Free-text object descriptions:
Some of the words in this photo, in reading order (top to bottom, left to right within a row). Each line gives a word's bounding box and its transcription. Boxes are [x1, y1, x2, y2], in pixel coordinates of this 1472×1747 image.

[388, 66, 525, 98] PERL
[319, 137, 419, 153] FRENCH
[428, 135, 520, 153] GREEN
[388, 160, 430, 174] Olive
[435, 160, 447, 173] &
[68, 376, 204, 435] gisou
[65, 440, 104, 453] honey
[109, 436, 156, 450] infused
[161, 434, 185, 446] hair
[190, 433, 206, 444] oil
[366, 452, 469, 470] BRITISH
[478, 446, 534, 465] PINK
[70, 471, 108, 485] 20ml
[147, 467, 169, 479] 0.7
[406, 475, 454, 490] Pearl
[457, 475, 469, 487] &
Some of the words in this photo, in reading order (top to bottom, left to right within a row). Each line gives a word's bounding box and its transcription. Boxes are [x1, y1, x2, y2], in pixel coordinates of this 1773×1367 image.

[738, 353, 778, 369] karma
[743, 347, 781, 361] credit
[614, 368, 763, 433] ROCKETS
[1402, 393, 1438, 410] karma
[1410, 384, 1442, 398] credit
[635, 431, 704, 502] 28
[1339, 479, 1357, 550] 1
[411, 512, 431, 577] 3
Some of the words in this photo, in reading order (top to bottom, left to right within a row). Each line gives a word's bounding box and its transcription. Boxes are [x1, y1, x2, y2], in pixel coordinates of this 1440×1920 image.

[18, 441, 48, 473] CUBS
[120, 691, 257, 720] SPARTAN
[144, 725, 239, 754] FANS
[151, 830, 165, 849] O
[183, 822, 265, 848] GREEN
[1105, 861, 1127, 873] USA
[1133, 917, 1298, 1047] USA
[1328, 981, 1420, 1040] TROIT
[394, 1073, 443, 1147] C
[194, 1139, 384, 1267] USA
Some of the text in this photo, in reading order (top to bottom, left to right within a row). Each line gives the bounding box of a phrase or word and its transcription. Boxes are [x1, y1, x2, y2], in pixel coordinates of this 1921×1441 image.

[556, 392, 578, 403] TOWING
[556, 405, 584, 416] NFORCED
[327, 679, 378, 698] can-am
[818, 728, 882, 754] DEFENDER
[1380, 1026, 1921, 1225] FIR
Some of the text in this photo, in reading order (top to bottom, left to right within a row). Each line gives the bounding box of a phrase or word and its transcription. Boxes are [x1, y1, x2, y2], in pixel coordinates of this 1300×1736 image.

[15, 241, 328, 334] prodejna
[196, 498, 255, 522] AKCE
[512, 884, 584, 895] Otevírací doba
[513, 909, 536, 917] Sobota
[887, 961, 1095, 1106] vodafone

What to produce: Return all of the data above, keeping every line exactly as it appears.

Result of the exercise:
Some of the words in this photo, in reading order (top to bottom, left to right within a row). Each line gives a word's bounding box and its transcription. Boxes are [x1, y1, x2, y2], in pixel coordinates of this 1472×1747 image.

[388, 66, 525, 98] PERL
[319, 137, 419, 153] FRENCH
[428, 135, 520, 153] GREEN
[388, 160, 430, 174] Olive
[435, 160, 447, 173] &
[68, 376, 204, 435] gisou
[65, 440, 104, 453] honey
[109, 436, 156, 450] infused
[161, 434, 185, 446] hair
[190, 433, 206, 444] oil
[366, 452, 469, 470] BRITISH
[478, 446, 534, 465] PINK
[70, 471, 108, 485] 20ml
[147, 467, 169, 479] 0.7
[406, 475, 454, 490] Pearl
[457, 475, 469, 487] &
Some of the words in this photo, in reading order (top to bottom, left to right within a row). Each line gives a word's bounding box and its transcription. Boxes are [x1, y1, x2, y2], in pixel coordinates of this 1773×1367 image.

[738, 353, 778, 369] karma
[743, 347, 781, 361] credit
[614, 368, 763, 433] ROCKETS
[1402, 393, 1438, 410] karma
[1410, 384, 1442, 398] credit
[635, 431, 704, 502] 28
[1339, 479, 1357, 550] 1
[411, 512, 431, 577] 3
Some of the words in this photo, in reading order (top to bottom, left to right within a row). Each line gives a word's bounding box and its transcription. Boxes are [x1, y1, x2, y2], in pixel coordinates of this 1440×1920 image.

[18, 441, 48, 473] CUBS
[120, 691, 257, 720] SPARTAN
[144, 725, 239, 754] FANS
[151, 830, 165, 849] O
[183, 822, 265, 848] GREEN
[1105, 861, 1127, 873] USA
[1133, 917, 1298, 1047] USA
[1328, 981, 1420, 1040] TROIT
[394, 1073, 443, 1147] C
[194, 1139, 384, 1267] USA
Some of the text in this photo, in reading order (top to bottom, left to right within a row). Each line gives the bounding box of a phrase or word and its transcription. Boxes are [x1, y1, x2, y2], in pixel coordinates of this 1921×1441 image.

[556, 392, 578, 403] TOWING
[556, 405, 584, 416] NFORCED
[327, 679, 378, 698] can-am
[818, 728, 882, 754] DEFENDER
[1380, 1026, 1921, 1225] FIR
Some of the text in this photo, in reading order (top to bottom, left to right within a row). Each line gives the bounding box of a phrase or word and its transcription. Boxes are [x1, y1, x2, y2], in pixel coordinates of this 1300×1736 image.

[15, 241, 328, 334] prodejna
[196, 498, 255, 522] AKCE
[512, 884, 584, 895] Otevírací doba
[513, 909, 536, 917] Sobota
[887, 961, 1095, 1106] vodafone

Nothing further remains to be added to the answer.